Retained Mode Considered Harmful
I think I've made a small step towards figuring out how drawing works in Flex. Flex's drawing system appears to use a "retained mode" approach, in which the calls you make to "draw stuff" don't actually draw stuff. Instead, they (in effect) define a (new, hidden, secret, inaccessible) method which Flash/Flex uses to draw stuff whenever it feels like it.
Here's a tiny little test applet, called "bar" (because "foo" was already taken):
The above applet draws a small black circle that slides across the applet from left to right, eventually leaving the stage. No biggie...but it's drawing, which is big progress for me. ;-)
Here's a link to the above applet's source code, bar.as:
www.igetitmusic.com/blog/SWFs/bar/srcview/index.html
This source code is a minor variation of recipe 11.1, "Moving an Object," from O'Reilly's ActionScript 3.0 Cookbook.
In bar.as, a class bar is declared to extend Flash's Sprite class. (Yes, I know that bar should, by ActionScript/Flex convention, be capitalized as Bar, because it is the name of a class. Gimme a break. It's not germane.)

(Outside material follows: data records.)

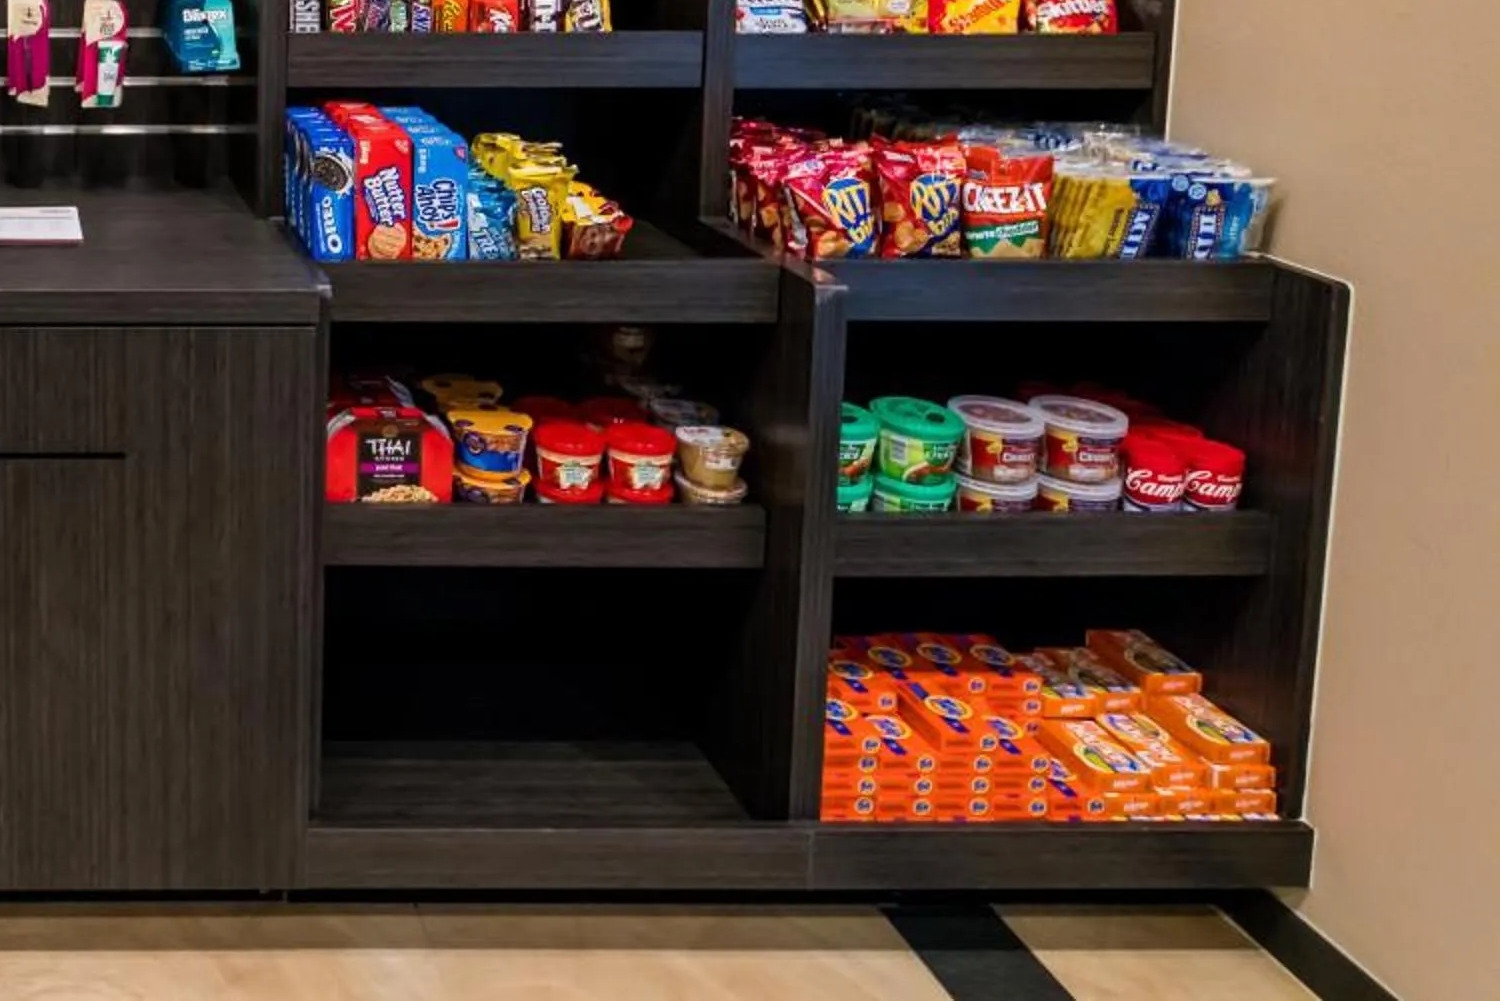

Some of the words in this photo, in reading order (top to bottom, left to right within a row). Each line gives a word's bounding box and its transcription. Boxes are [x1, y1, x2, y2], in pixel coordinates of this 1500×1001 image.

[364, 176, 394, 228] Butter
[379, 166, 406, 220] Nutter
[431, 179, 456, 220] Chips
[366, 439, 412, 456] THAI
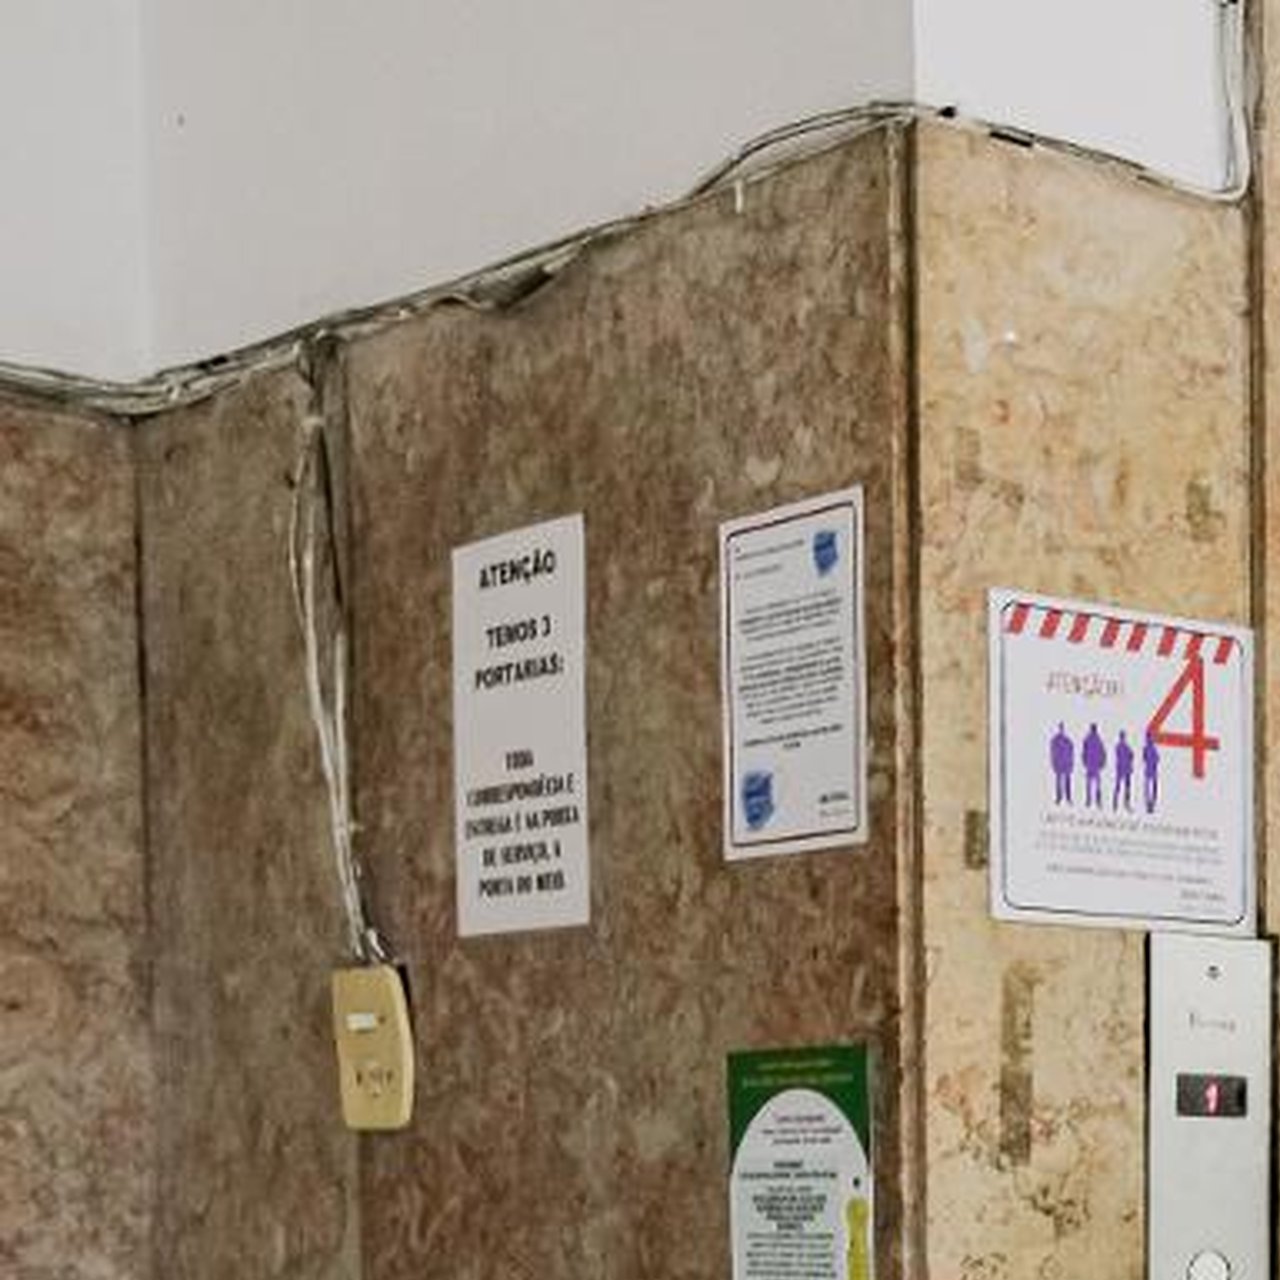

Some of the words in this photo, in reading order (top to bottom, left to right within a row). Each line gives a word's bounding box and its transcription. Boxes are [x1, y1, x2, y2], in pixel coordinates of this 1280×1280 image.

[479, 549, 556, 588] ATENÇÃO
[486, 618, 537, 648] TEMOS
[1149, 646, 1220, 779] 4
[1205, 1083, 1218, 1113] 1

Every bone in my body tells me that this code is INSANE. All of the drawing code is in bar's CONSTRUCTOR, fer cryin' out loud. How can this code be *found*, let alone called, when an instance of bar is to be drawn?
I would expect that this drawing code would be placed in a draw() method of the bar class (i.e., bar.draw()), which would be called by Flash whenever an instance of bar was to be drawn, and that this draw() method would be an override of a draw() method inherited, ultimately, from Flash's DisplayObject class (from which bar's superclass, Sprite, descends). But neither DisplayObject nor Sprite have a draw() method, or anything similar to a draw() method. (They do have a RENDER event, but it is used to advise an object that it is about to be rendered; it is NOT a request that the receiving object now render itself.)

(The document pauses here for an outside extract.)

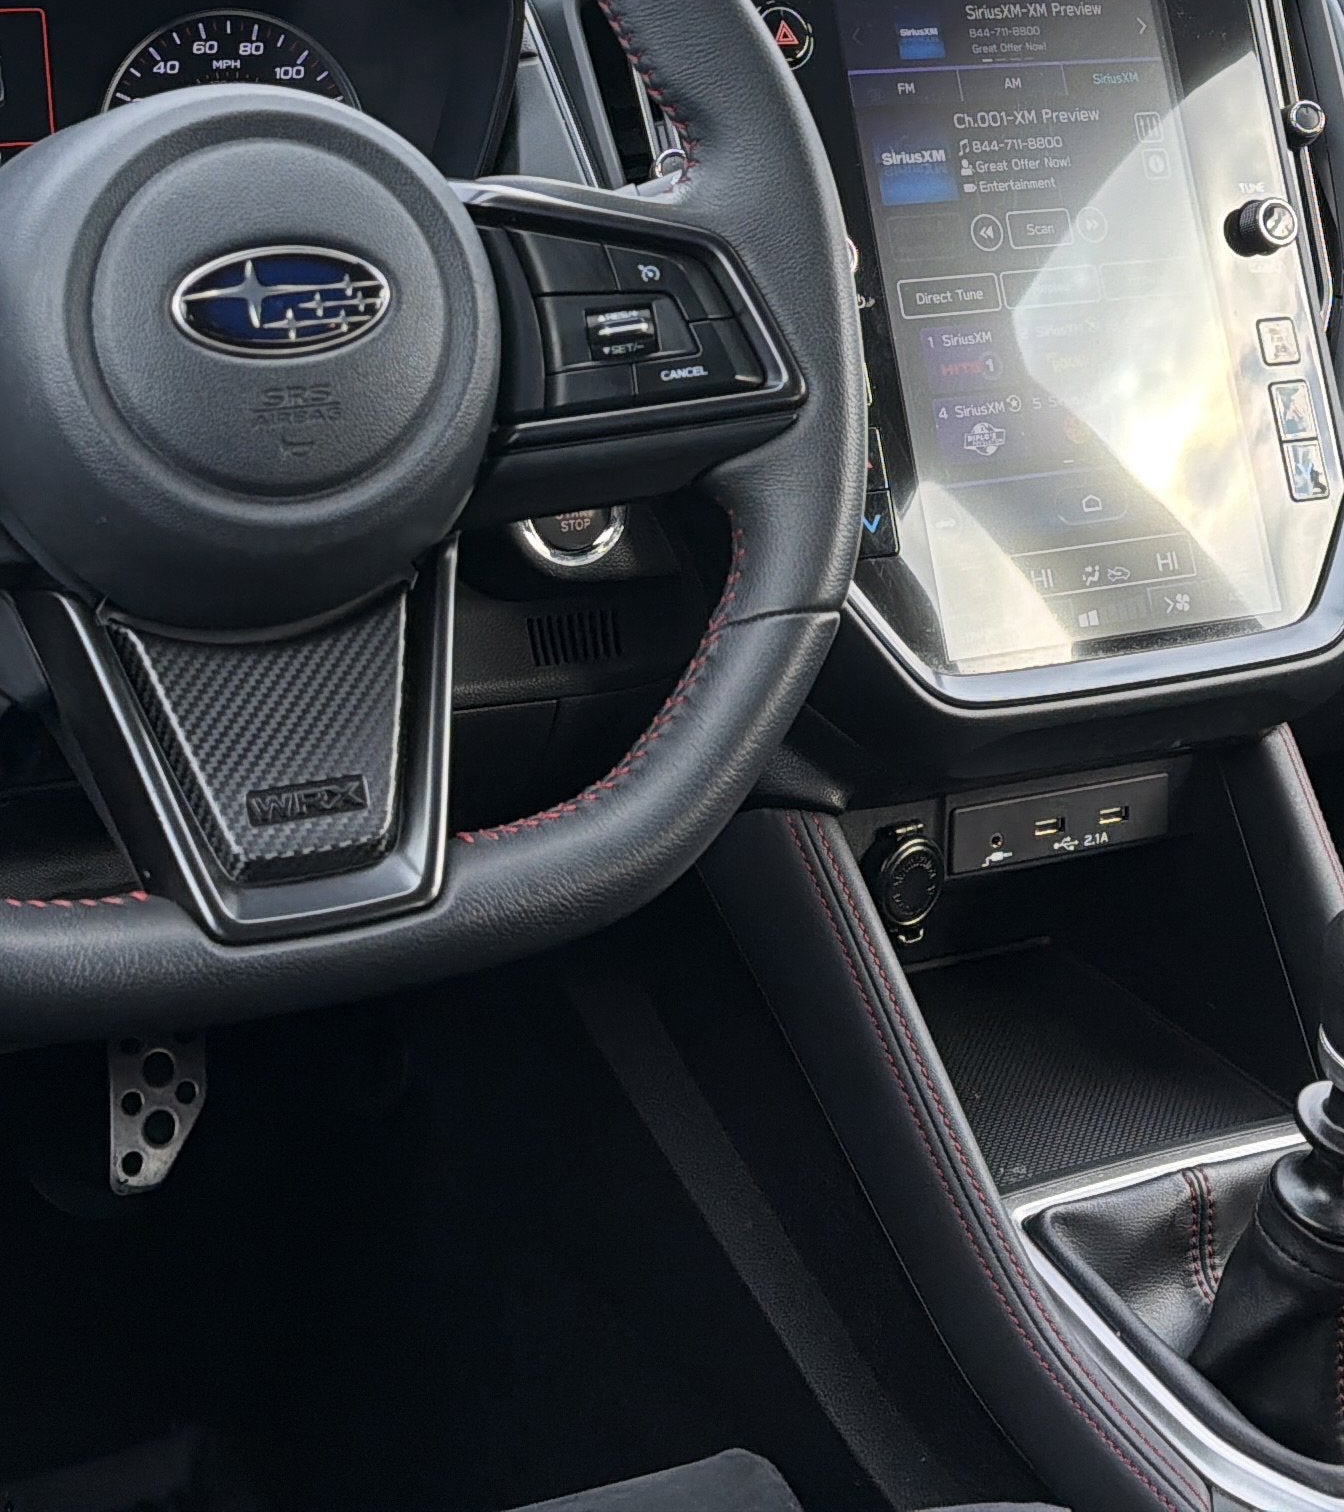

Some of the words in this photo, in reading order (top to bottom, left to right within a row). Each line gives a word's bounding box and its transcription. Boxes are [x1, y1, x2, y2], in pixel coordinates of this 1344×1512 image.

It gets weirder. Every time the Flash player needs to draw a new animation frame, it dispatches an ENTER_FRAME event. The bar class listens for this message in its onEnterFrame() method. No problems there. To animate the circle rightwards, I would expect bar.onEnterFrame() to (a) shift the location of the bar instance slightly rightward, and then (b) call bar.draw().
But nooooo! As I mentioned above, bar has nothing like a draw() method, nor does any of its super-classes. The only thing that bar.onEnterFrame() does -- and remember, I stole this code *directly* from the published, well-regarded recipe mentioned above -- is offset the bar object slightly rightward (more on that later). That's it. There's no drawing code in bar.onEnterEvent() at all, nor any calls to any other drawing code.
Somehow, the Flash player is accessing the drawing code that's defined in bar's constructor, and executing it sometime after bar.onEnterFrame() method is called.
WTF?
I see this pattern all over the sample code for Flash & Flex, from many different authors. Adobe's online documentation for Flex 3 is rife with it. They put drawing code in the class' constructor, or into a function which is only ever called by the class' constructor (to verify this, I've set breakpoints on such drawing functions, and seen that they are never called from anywhere except the constructor).
HOW DOES THE FLASH PLAYER FIND THIS DRAWING CODE, in order to execute it when it's time to actually draw the object?
I'm not sure, but I think I have identified a clue: "retained mode."
Apparently, the Flash player (and hence ActionScript and Flex) uses "retained mode" for all drawing. Unfortunately, only initiates into Adobe's secret society are taught the secrets of "retained mode." It's not documented anywhere that I've been able to find.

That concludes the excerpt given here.